At present, banks who are members of India can invest in branches and subsidiaries abroad, maintain earnings in these centers and recover / transfer profits with previous RBI approval.

“With the intention of providing operational flexibility to the bank, it has been decided that the Bank does not need to seek RBI’s previous approval if they meet the regulatory capital requirements,” said the Governor of RBI Shaktikanta Das while announcing bi-monthly monetary policy. Instructions in this case are issued separately, he added.

Regulatory instructions that are still on the classification and assessment of investment portfolios by commercial banks scheduled are largely based on the framework introduced in October 2000 with increasing global standards and applicable best practices.

Given the subsequent significant developments in global standards on investment classifications, measurements and assessment of investment, linkages with the capital adequacy framework and progress in the domestic financial market, there is a need to review and renew these norms, he said.

As a step in this direction, the paper discussion that includes all relevant aspects will be placed immediately on the RBI website for comments, he said. Given the termination of the libor that will occur soon, the watershate says every level between banks or alternative reference levels that are widely accepted (AR) that apply to the loan currency can be used as benchmarks, postnoding post.

At present, the level of benchmarks for foreign currencies (FCY) external commercial loans (ECB) / trading credit (TC) is determined as a six-month LIBOR level or other interbank interest rates that apply to the loan currency.
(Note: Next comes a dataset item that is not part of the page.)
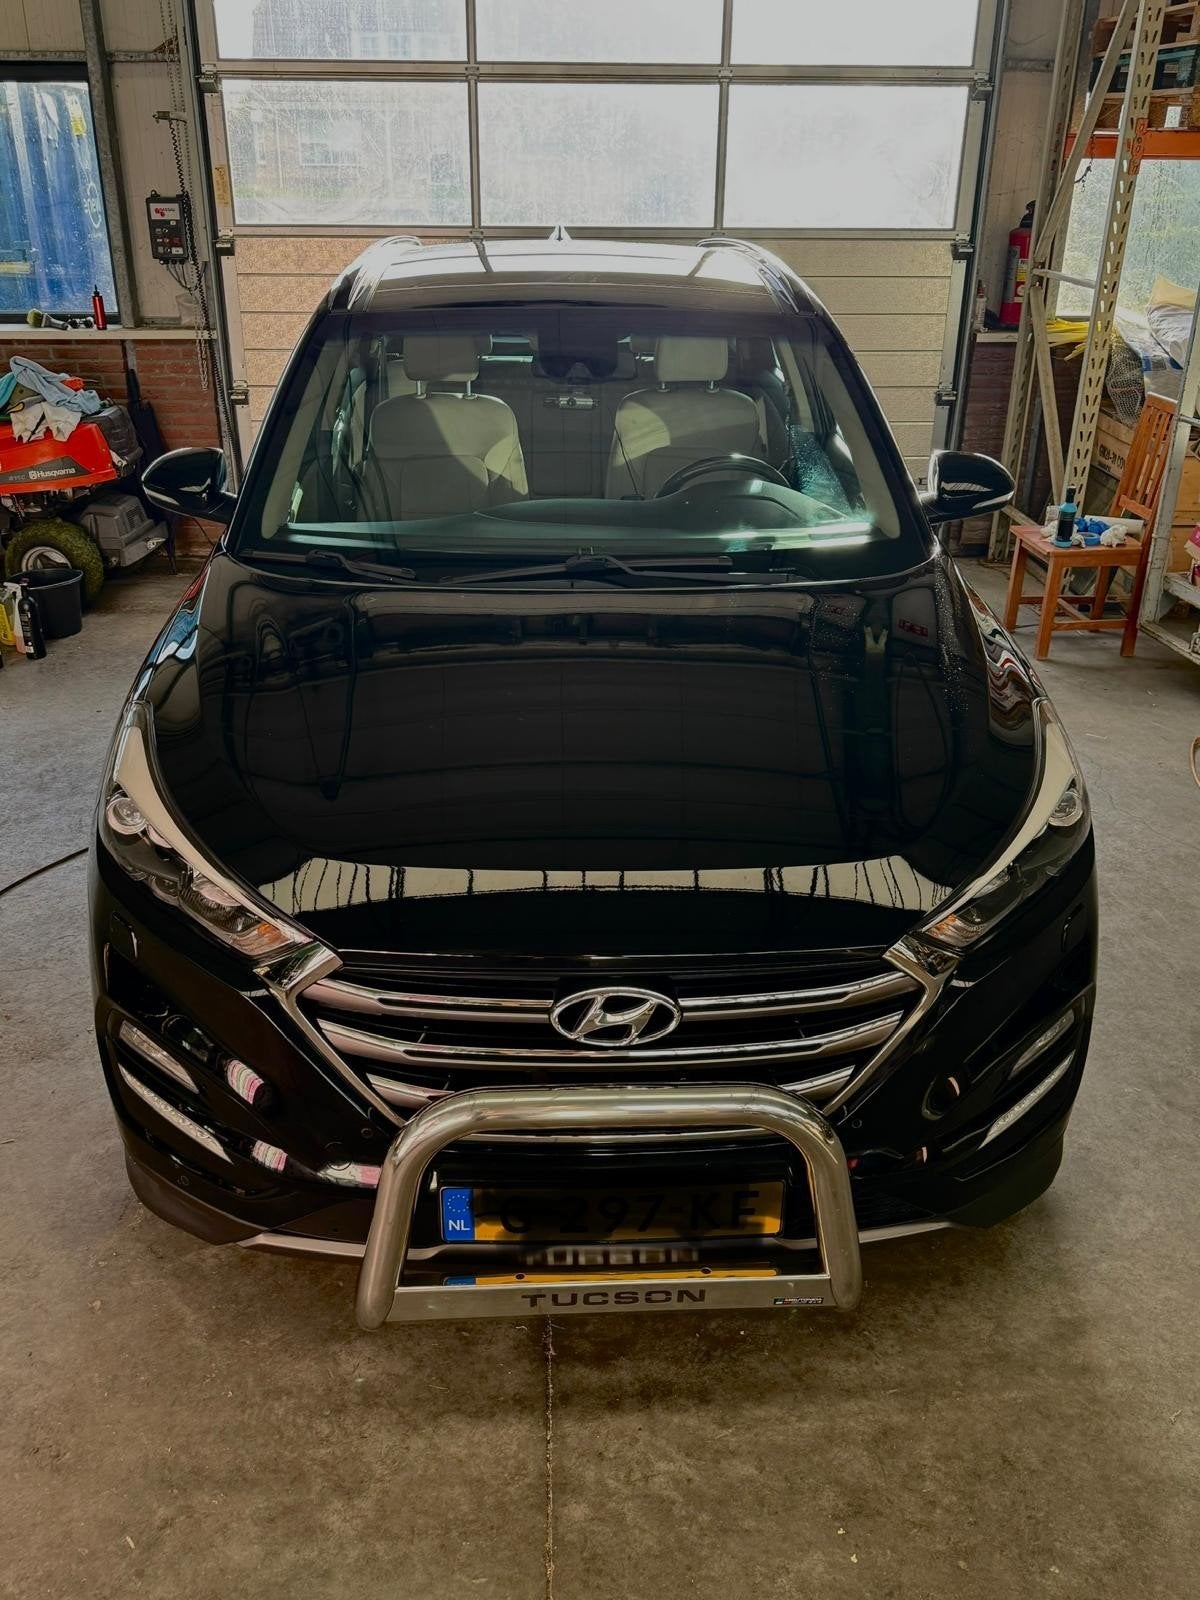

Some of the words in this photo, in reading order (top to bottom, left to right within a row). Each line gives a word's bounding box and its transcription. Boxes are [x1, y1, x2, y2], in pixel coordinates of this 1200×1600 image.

[37, 467, 76, 477] Husqvarna
[448, 1219, 471, 1231] NL
[521, 1288, 706, 1308] TUCSON
To calculate the difference in credit risk and the term premia between LIBOR and ARRS, for the ECB and TCS new foreign currency, it is proposed to revise the all-in-cost ceiling of 450 to 500 basis points and from 250 to 300 basis points (BPS), respectively, above the Arr.

To enable the existing ECB and TC transitions related to LIBOR, it is proposed to revise the all-in-bilay ceiling of 450 to 550 bps each and from 250 to 350 bps, above Arrs.

The RBI kept the benchmark loan interest rate unchanged for the ninth consecutive time at 4 percent, the watershed informed that day. The central bank also continues with the accommodating attitude to revive and maintain growth durable, he said.

The RBI monetary policy committee also maintained an inverse repo level of 3.35 percent and the MSF level of 4.25 percent.

The announcement came in the context of a new threat from the Omicron variant of Coronavirus. So far, India has reported two dozen omicron cases. It has forced several countries to force fresh travel restrictions. However, there is a fear that developed, that the surge of Omicron will lead to the third wave of Covid-19 in the country.